Vê em toda parte, as manifestações físicas de uma Unidade Central Interior; as partículas (fundidas) de minha imensidade. Lê nelas o ensinamento particular que te é destinado. Que o teu coração te dê a explicação, sem que, para isso, tentes empregar a chave da sabedoria humana.

A Sabedoria, a Divina Sabedoria, será assim atestada por teus filhos.

As normas que te dou são provindas do coração (do Atma), do silêncio da alma, e não de meros conselhos escritos nas páginas dos livros.

Quando houveres reunido as sementes (pois não te dou senão a semente da tua transformação espiritual) e houveres colhido os grãos, retorna ao mundo e cumpre ali o teu serviço, até que o terreno, onde tenha germinado a semente, floresça e produza para mim seus frutos.

Mas, se fizeres teu serviço exterior sem que tenhas partido o Pão da Vida para o distribuir, dissiparás a tua força e tornarás vã tua alegria de servir.

Dentro de ti estão todos os tesouros do teu ser e, no entanto, do lado de fora, vês estendidas as mãos vazias dos que choram para obterem o consolo que lhes poderias dar se volvesses para mim o teu rosto.

Minha bênção é para aqueles cuja força destina-se aos fracos; cuja alegria é para os seres que tem coração dolorido, cujo Amor é o tesouro dos que não são amados, - os corações solitários.

Minha bênção é para esses servidores; põe-te em guarda, toma teu lugar no meio deles.

O caminho que escolhestes é escarpado, mas são potentes os meus braços para te sustentar. As pedras são, ali, cortantes, mas Eu porei um bálsamo em tuas feridas. Minha bênção é para os que seguem este caminho; toma teu lugar no meio deles.

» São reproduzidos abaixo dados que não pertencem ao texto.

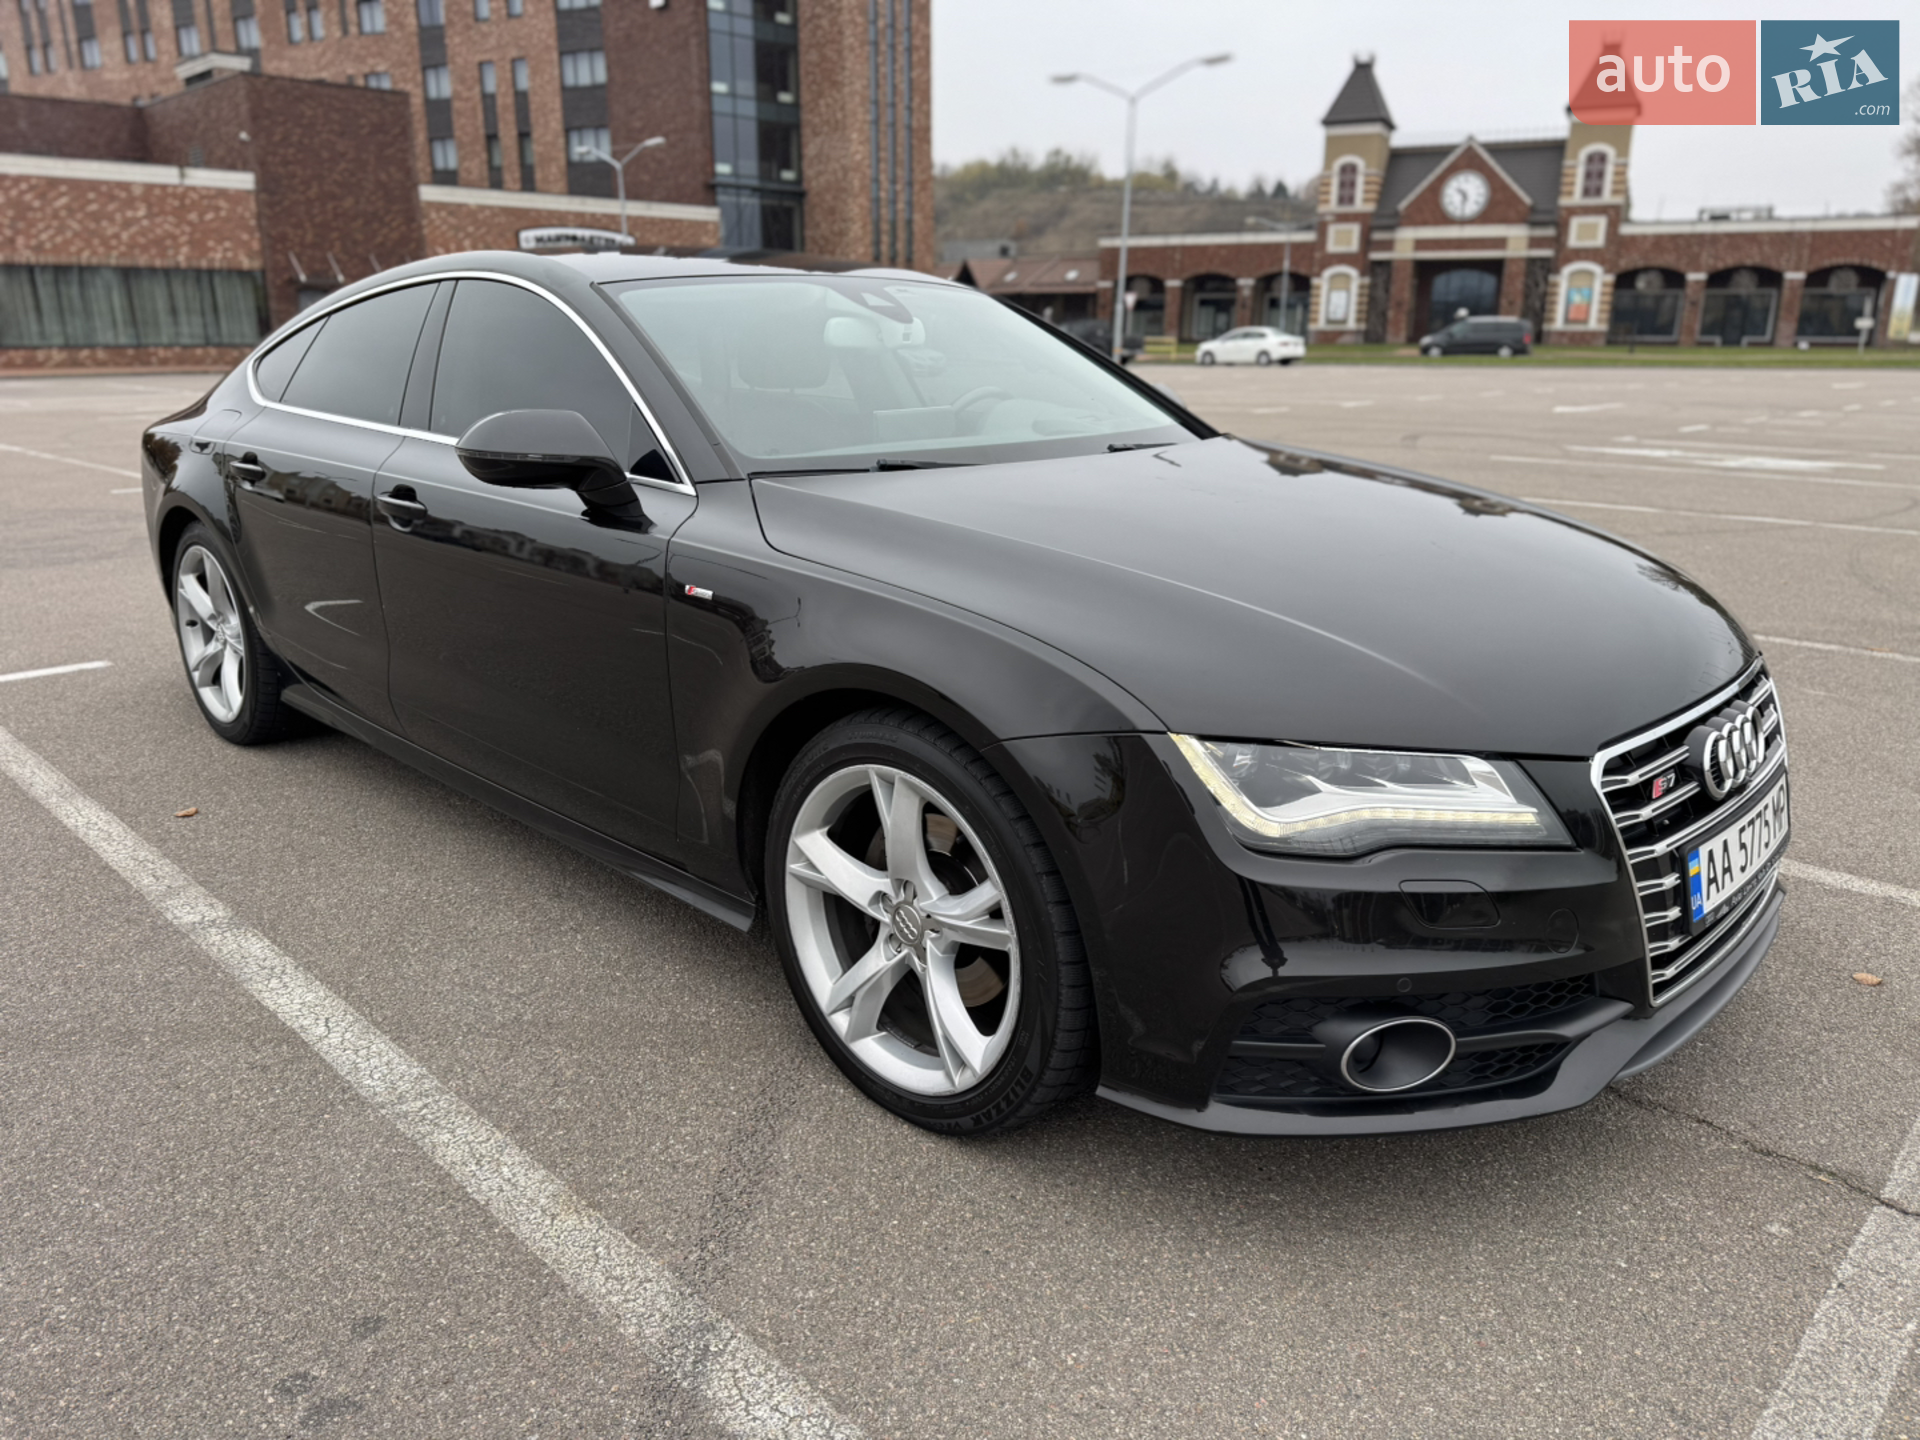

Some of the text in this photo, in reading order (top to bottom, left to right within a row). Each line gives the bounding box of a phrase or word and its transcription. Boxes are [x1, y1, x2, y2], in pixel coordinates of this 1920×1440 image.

[1706, 838, 1734, 901] AA
[1738, 803, 1771, 874] 5775
[1691, 892, 1704, 911] UA
[969, 1064, 1035, 1128] BLIZZAK
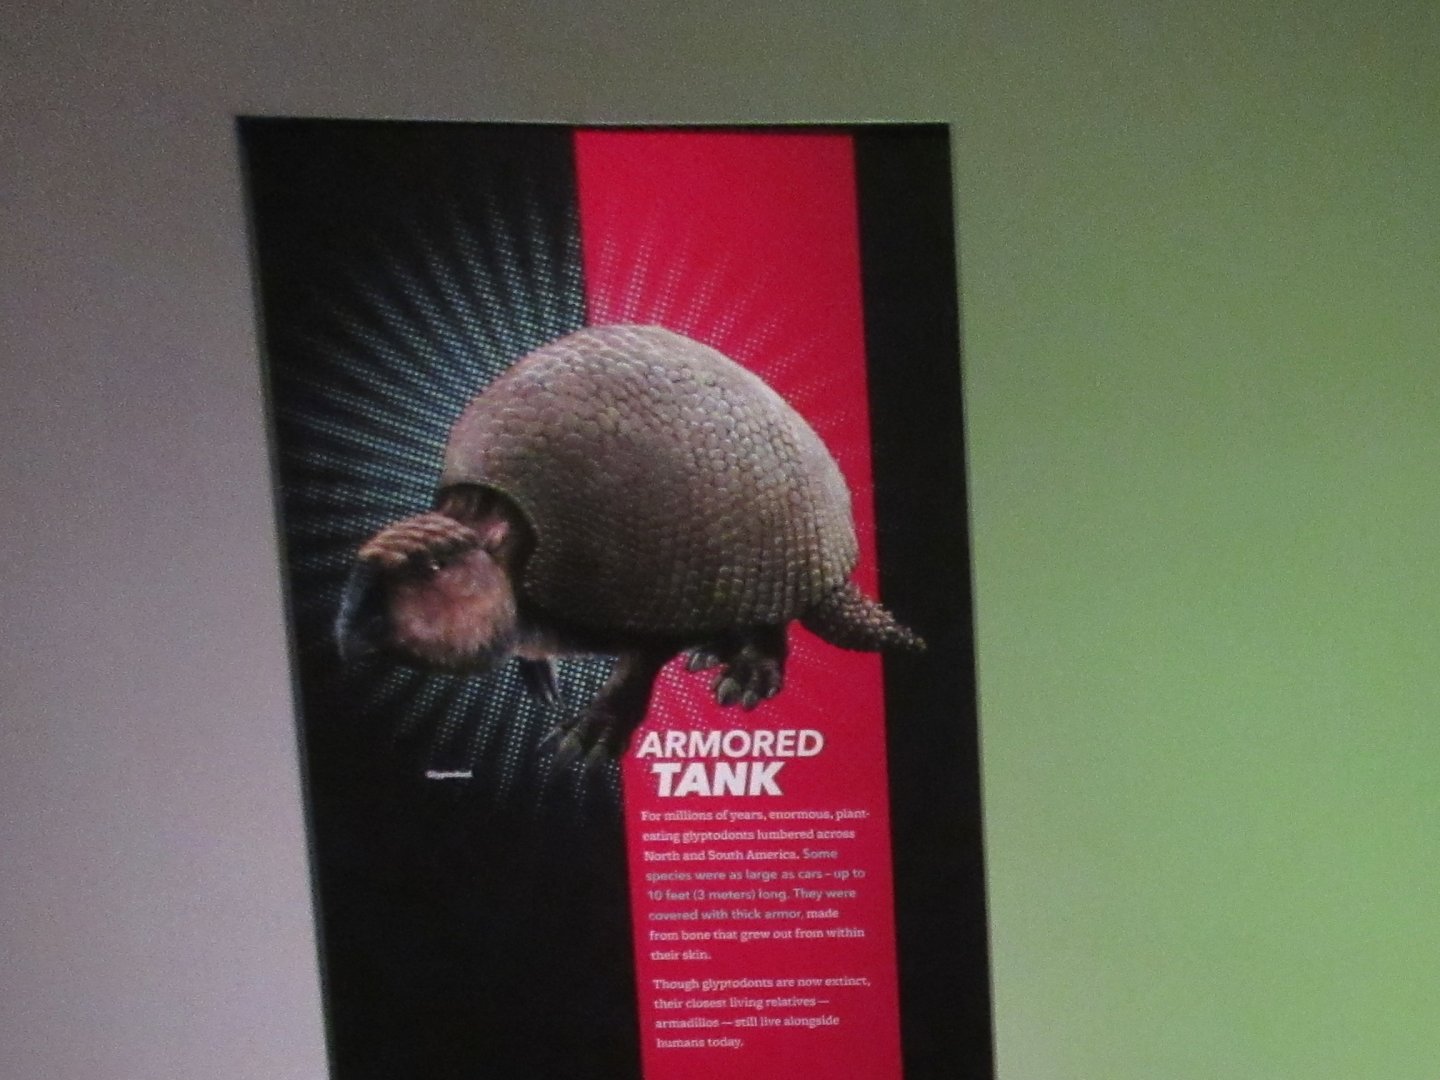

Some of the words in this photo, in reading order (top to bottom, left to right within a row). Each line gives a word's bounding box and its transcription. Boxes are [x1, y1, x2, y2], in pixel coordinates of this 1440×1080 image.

[636, 729, 824, 758] ARMORED
[651, 761, 786, 797] TANK
[641, 810, 661, 821] For
[664, 809, 713, 821] millions
[716, 809, 728, 820] of
[730, 811, 770, 823] years,
[836, 808, 870, 821] plant-
[642, 830, 681, 844] eating
[682, 829, 755, 844] glyptodonts
[758, 828, 814, 840] lumbered
[817, 830, 856, 839] across
[644, 850, 680, 861] North
[683, 850, 706, 861] and
[708, 849, 744, 861] South
[746, 848, 800, 860] America.
[804, 847, 838, 859] Some
[646, 870, 692, 884] species
[695, 871, 726, 880] were
[729, 871, 742, 880] as
[746, 869, 777, 883] large
[782, 871, 794, 880] as
[798, 870, 822, 879] cars
[834, 870, 850, 881] up
[853, 868, 866, 878] to
[648, 889, 664, 901] 10
[666, 889, 690, 900] feet
[709, 889, 756, 900] meters)
[758, 888, 790, 902] long.
[795, 887, 822, 901] They
[827, 889, 857, 898] were
[649, 908, 699, 921] covered
[702, 908, 728, 920] with
[732, 908, 761, 920] thick
[765, 910, 804, 920] armor,
[807, 908, 839, 919] made
[649, 930, 679, 941] from
[681, 930, 711, 941] bone
[714, 929, 738, 940] that
[740, 930, 770, 942] grew
[773, 930, 792, 939] out
[795, 927, 824, 939] from
[827, 927, 865, 938] within
[650, 949, 678, 960] their
[683, 949, 712, 960] skin.
[653, 978, 700, 992] Though
[702, 977, 774, 992] glyptodonts
[776, 979, 795, 987] are
[798, 978, 822, 987] now
[825, 975, 871, 987] extinct,
[654, 998, 682, 1009] their
[686, 998, 727, 1009] closest
[730, 996, 764, 1011] living
[656, 1017, 720, 1029] armadillos
[734, 1016, 758, 1027] still
[760, 1016, 782, 1027] live
[784, 1014, 840, 1029] alongside
[656, 1038, 705, 1048] humans
[708, 1036, 744, 1049] today.

Filho meu, escuta minhas palavras. Eu me aproximo de ti pelas sendas obscuras do silêncio e pelos caminhos ocultos do sofrimento. Eu reclamo de ti um ouvido que ouça e um espírito aberto; muitas vezes estive lá, à espera, mas não ouviste minha voz... Teu coração estava ocupado em outras coisas , filho meu...

É na profundidade íntima do ser que Eu faço ouvir o meu chamado; só o ouvido interior pode percebê-lo. Oxalá possa estar, filho meu, entre os que escutarem minhas palavras.

 

- III -

Queres ouvir a minha voz? Fecha as portas exteriores, cerra as janelas de tua alma e Eu falarei.

Lembra-te bem de minhas palavras, pois Eu falo para ti e para todos os meus filhos que desejam encontrar o caminho que todo o candidato deve seguir.

Procuras esse caminho?

Agora, que todas as tuas portas estão fechadas, e cerradas todas as tuas janelas, busca os tesouros de teu santuário. Lê o que está escrito dentro de ti e, antes de poderes assegurar que procuras verdadeiramente esses tesouros, certifica-te de que é este realmente o primeiro de teus desejos. Pois, se abrigares um só desejo mais intenso, esse atrativo te conduzirá, através de caminhos mais fáceis, para uma alegria exterior, iluminada pelo reflexo da Luz, da qual, em verdade, não passarás de um revérbero.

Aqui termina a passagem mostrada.